**About this task:** For this exercise, transcribe all the entries exactly as given and omit the images.

========================================================================

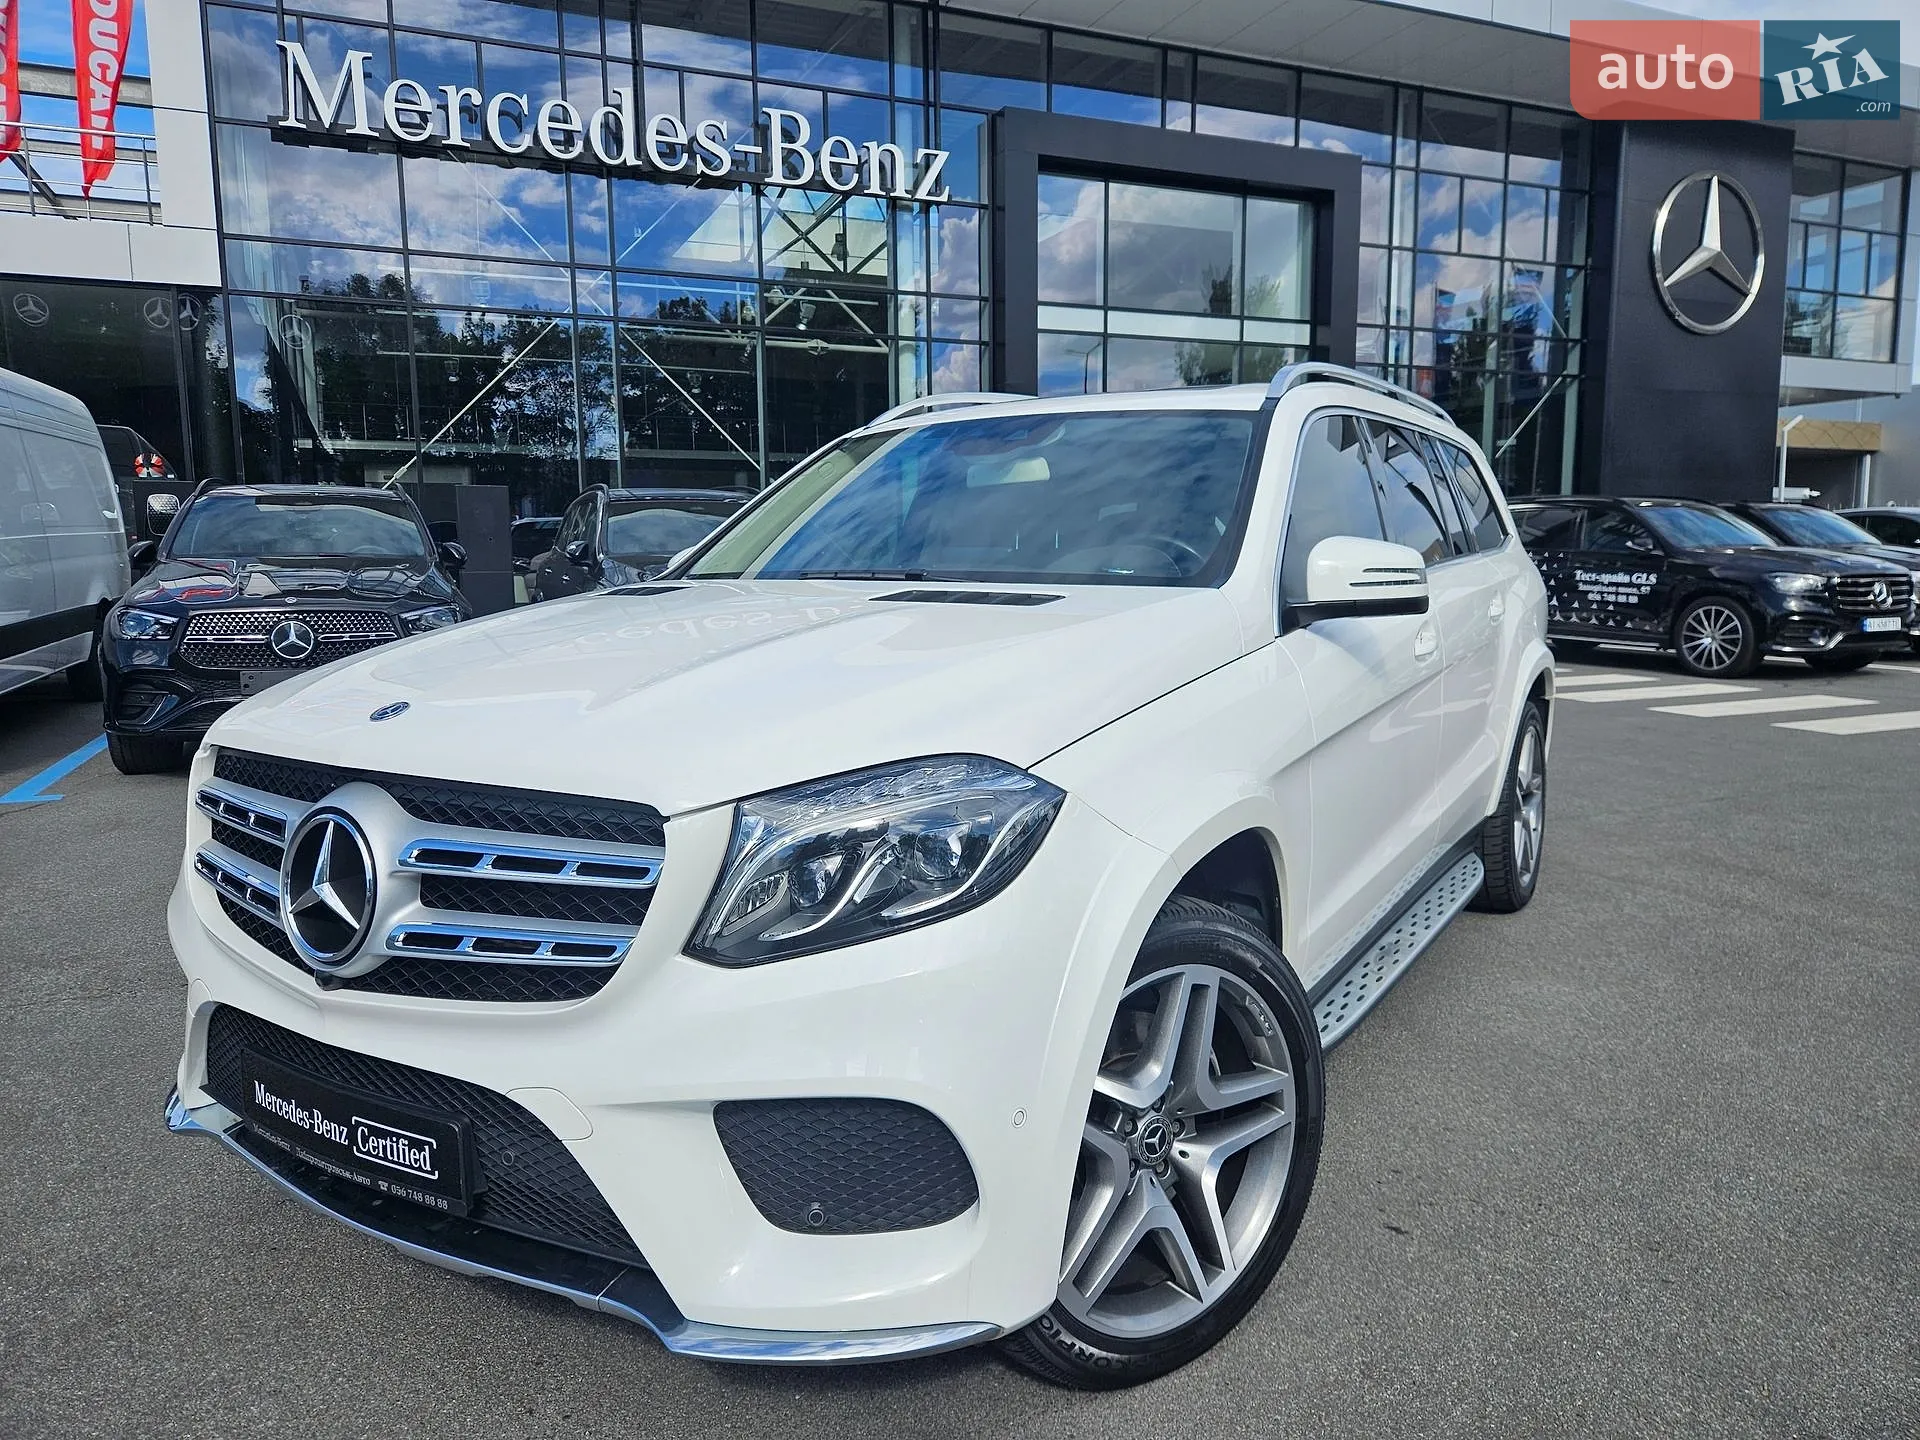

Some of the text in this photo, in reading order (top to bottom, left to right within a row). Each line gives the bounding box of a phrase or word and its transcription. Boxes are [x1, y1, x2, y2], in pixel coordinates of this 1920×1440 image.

[275, 39, 950, 202] Mercedes-Benz
[1631, 573, 1657, 585] GLS
[254, 1080, 431, 1171] Mercedes-Benz Certified
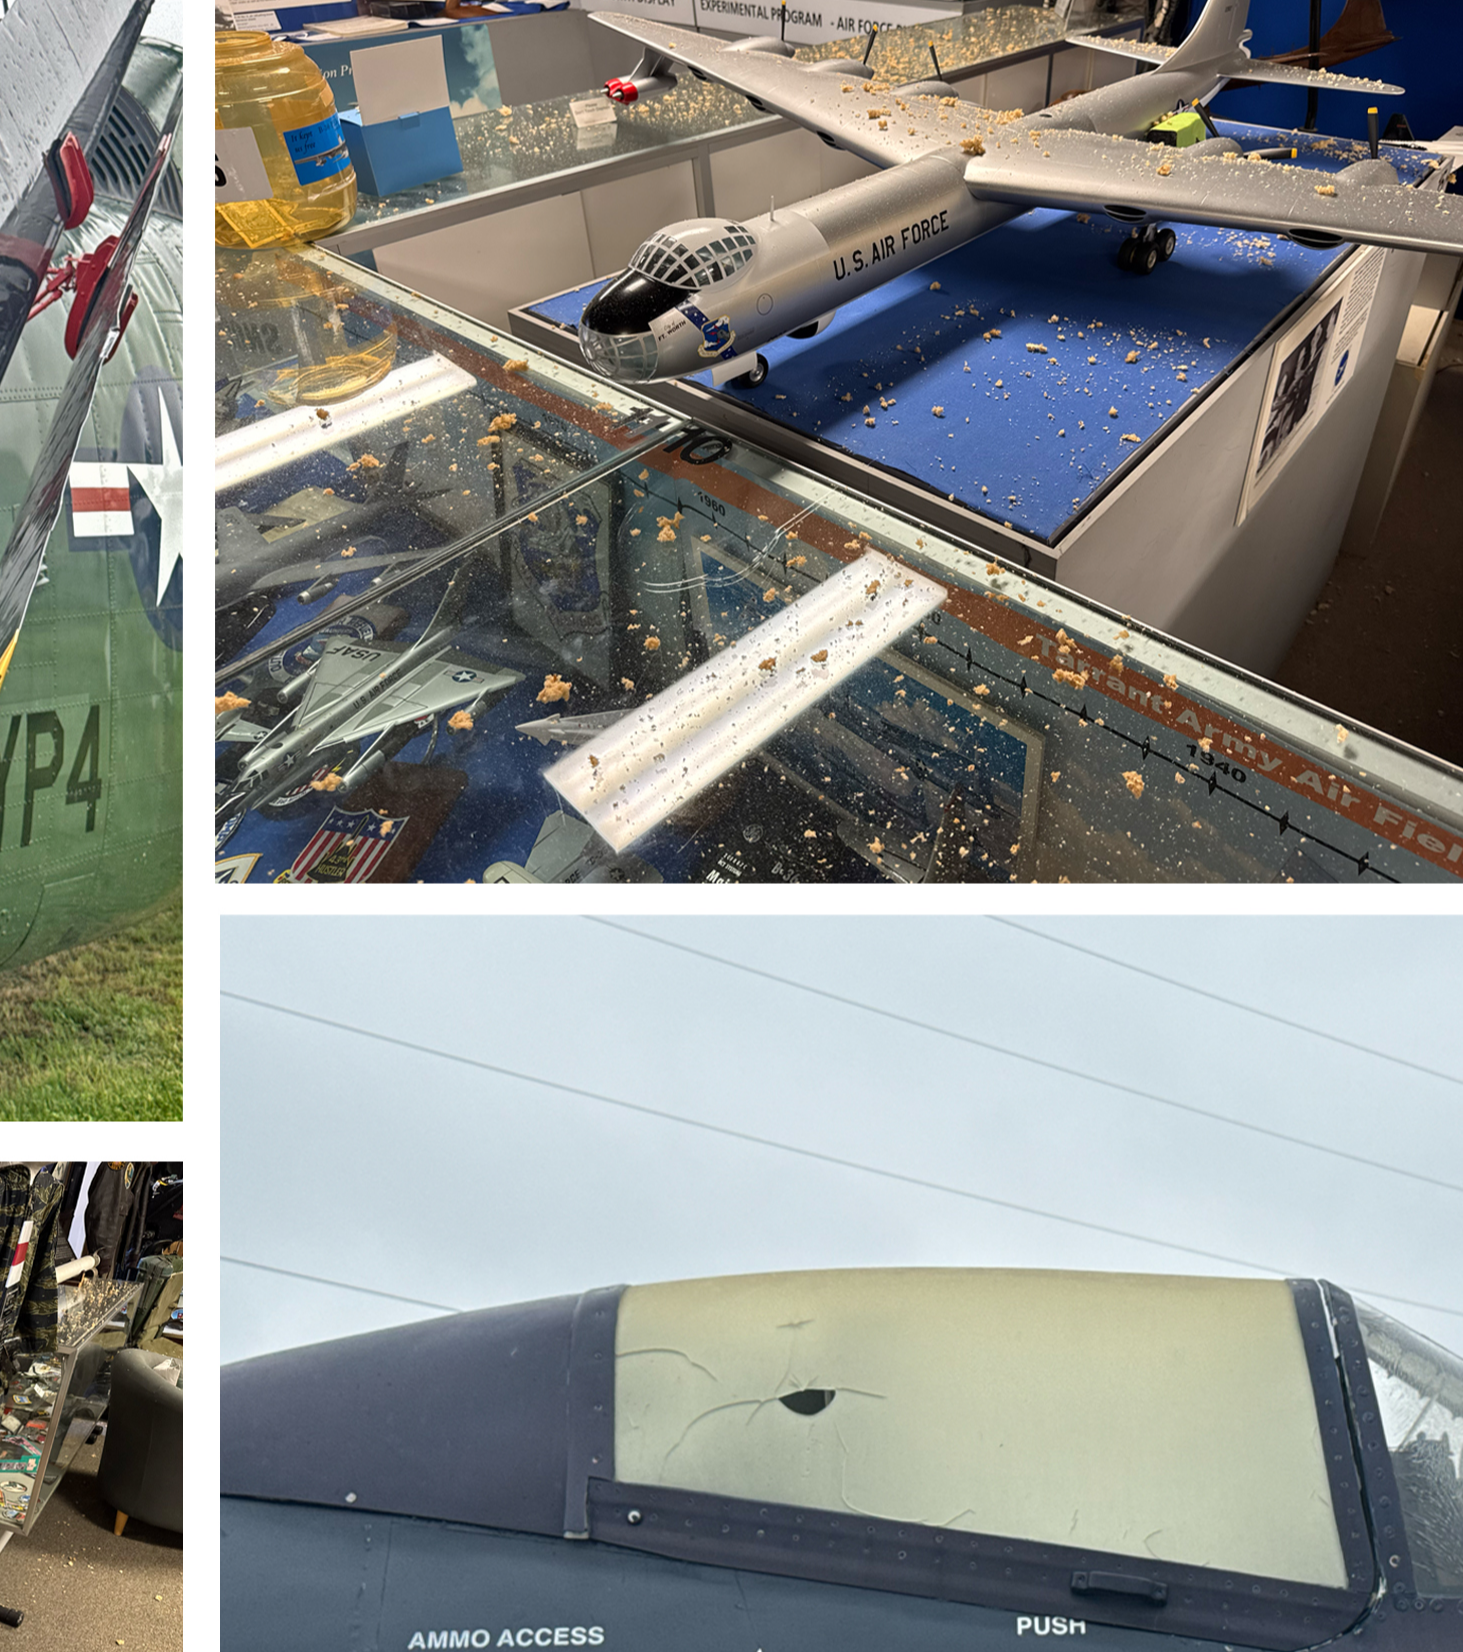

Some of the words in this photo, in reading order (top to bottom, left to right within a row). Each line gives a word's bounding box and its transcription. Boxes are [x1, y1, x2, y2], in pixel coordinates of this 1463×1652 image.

[701, 0, 770, 20] EXPERIMENTAL
[773, 6, 823, 28] PROGRAM
[836, 15, 855, 32] AIR
[833, 249, 869, 281] U.S.
[872, 235, 896, 265] AIR
[900, 210, 949, 250] FORCE
[667, 320, 687, 336] WORTH
[697, 491, 726, 517] 1960
[325, 644, 382, 663] USAF
[368, 684, 380, 702] AIR
[1036, 633, 1165, 715] Tarrant
[1176, 708, 1283, 772] Army
[1295, 769, 1361, 808] Air
[1373, 804, 1463, 863] Fiel
[1186, 743, 1247, 784] 1940
[316, 863, 346, 877] HUSTLER
[1016, 1616, 1087, 1636] PUSH
[408, 1628, 491, 1651] AMMO
[496, 1625, 605, 1648] ACCESS

========================================================================

**Output for this task:**
Some of the text in this photo, in reading order (top to bottom, left to right within a row). Each line gives the bounding box of a phrase or word and its transcription. Boxes are [x1, y1, x2, y2], in pixel coordinates of this 1920×1440 image.

[275, 39, 950, 202] Mercedes-Benz
[1631, 573, 1657, 585] GLS
[254, 1080, 431, 1171] Mercedes-Benz Certified

Some of the words in this photo, in reading order (top to bottom, left to right within a row). Each line gives a word's bounding box and its transcription. Boxes are [x1, y1, x2, y2], in pixel coordinates of this 1463×1652 image.

[701, 0, 770, 20] EXPERIMENTAL
[773, 6, 823, 28] PROGRAM
[836, 15, 855, 32] AIR
[833, 249, 869, 281] U.S.
[872, 235, 896, 265] AIR
[900, 210, 949, 250] FORCE
[667, 320, 687, 336] WORTH
[697, 491, 726, 517] 1960
[325, 644, 382, 663] USAF
[368, 684, 380, 702] AIR
[1036, 633, 1165, 715] Tarrant
[1176, 708, 1283, 772] Army
[1295, 769, 1361, 808] Air
[1373, 804, 1463, 863] Fiel
[1186, 743, 1247, 784] 1940
[316, 863, 346, 877] HUSTLER
[1016, 1616, 1087, 1636] PUSH
[408, 1628, 491, 1651] AMMO
[496, 1625, 605, 1648] ACCESS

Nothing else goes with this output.